What is needed
Your copy of the data should leave out the images and match everything else exactly.

Data to use
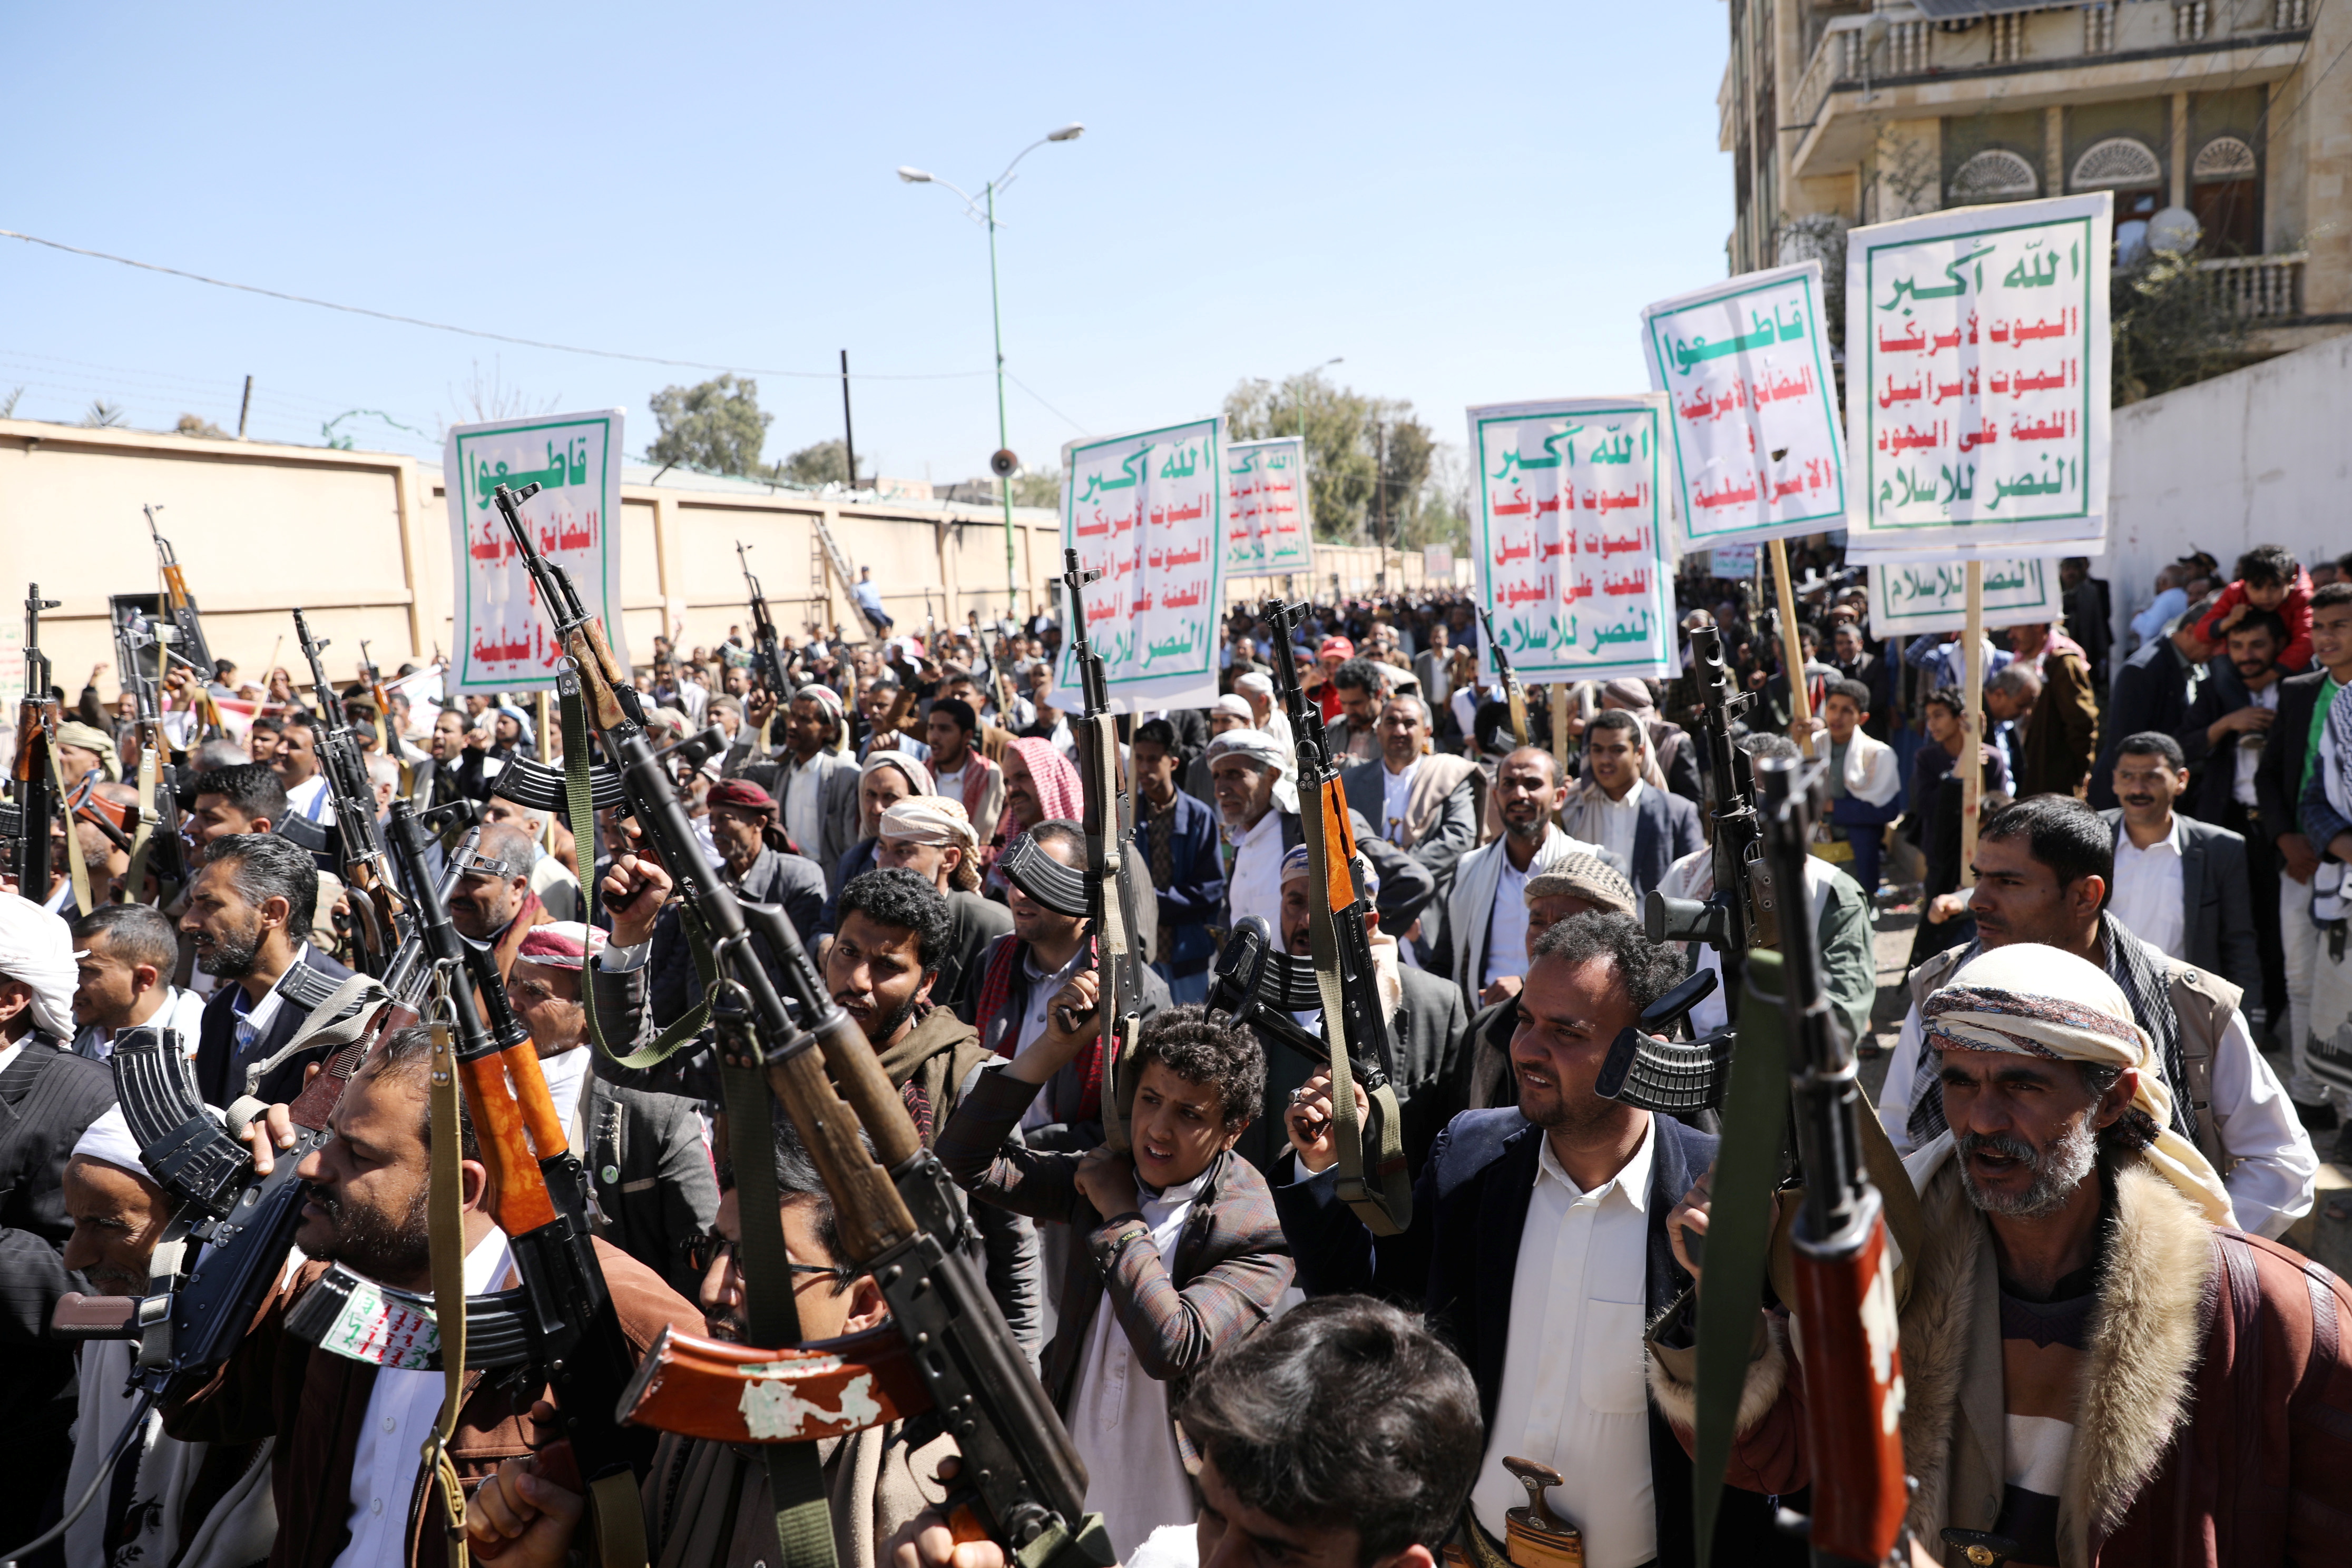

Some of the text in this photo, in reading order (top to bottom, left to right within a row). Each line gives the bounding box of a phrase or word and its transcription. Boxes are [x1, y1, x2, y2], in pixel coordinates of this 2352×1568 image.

[1877, 238, 2079, 316] الله أكبر
[1663, 299, 1804, 377] قاطعوا
[1879, 306, 2077, 357] الموت لأمريكا
[1677, 364, 1813, 426] البضائع الأمريكية
[1879, 358, 2077, 408] الموت لإسرائيل
[1489, 420, 1648, 484] الله أكبر
[1748, 425, 1755, 454] و
[1878, 409, 2076, 457] اللعنة على اليهود
[470, 437, 586, 510] قاطعوا
[1076, 436, 1210, 505] الله أكبر
[1267, 450, 1294, 468] الله
[1264, 478, 1296, 494] الموت
[1493, 478, 1648, 520] الموت لأمريكا
[1693, 457, 1831, 513] الإسرائيلية
[1879, 453, 2075, 516] النصر للإسلام
[1076, 493, 1209, 540] الموت لأمريكا
[1230, 518, 1300, 543] اللعنة على اليهو
[1267, 501, 1298, 516] الموت
[540, 509, 597, 562] البضائع
[1149, 536, 1209, 572] الموت
[1271, 537, 1302, 562] النصر
[1495, 526, 1651, 566] الموت لإسرائيل
[1086, 580, 1207, 628] اللعنة على اليهو
[1496, 567, 1652, 609] اللعنة على اليهود
[1892, 559, 2035, 606] النص للإسلام
[1140, 618, 1203, 669] النصر
[1497, 605, 1657, 660] النصر للإسلام
[342, 1311, 365, 1349] أكبر
[375, 1298, 394, 1326] الموت
[391, 1305, 410, 1332] الموت
[407, 1311, 426, 1332] اللعنة
[403, 1334, 414, 1347] على
[403, 1345, 428, 1369] للإسلا

Answer
Some of the text in this photo, in reading order (top to bottom, left to right within a row). Each line gives the bounding box of a phrase or word and its transcription. Boxes are [x1, y1, x2, y2], in pixel coordinates of this 2352×1568 image.

[1877, 238, 2079, 316] الله أكبر
[1663, 299, 1804, 377] قاطعوا
[1879, 306, 2077, 357] الموت لأمريكا
[1677, 364, 1813, 426] البضائع الأمريكية
[1879, 358, 2077, 408] الموت لإسرائيل
[1489, 420, 1648, 484] الله أكبر
[1748, 425, 1755, 454] و
[1878, 409, 2076, 457] اللعنة على اليهود
[470, 437, 586, 510] قاطعوا
[1076, 436, 1210, 505] الله أكبر
[1267, 450, 1294, 468] الله
[1264, 478, 1296, 494] الموت
[1493, 478, 1648, 520] الموت لأمريكا
[1693, 457, 1831, 513] الإسرائيلية
[1879, 453, 2075, 516] النصر للإسلام
[1076, 493, 1209, 540] الموت لأمريكا
[1230, 518, 1300, 543] اللعنة على اليهو
[1267, 501, 1298, 516] الموت
[540, 509, 597, 562] البضائع
[1149, 536, 1209, 572] الموت
[1271, 537, 1302, 562] النصر
[1495, 526, 1651, 566] الموت لإسرائيل
[1086, 580, 1207, 628] اللعنة على اليهو
[1496, 567, 1652, 609] اللعنة على اليهود
[1892, 559, 2035, 606] النص للإسلام
[1140, 618, 1203, 669] النصر
[1497, 605, 1657, 660] النصر للإسلام
[342, 1311, 365, 1349] أكبر
[375, 1298, 394, 1326] الموت
[391, 1305, 410, 1332] الموت
[407, 1311, 426, 1332] اللعنة
[403, 1334, 414, 1347] على
[403, 1345, 428, 1369] للإسلا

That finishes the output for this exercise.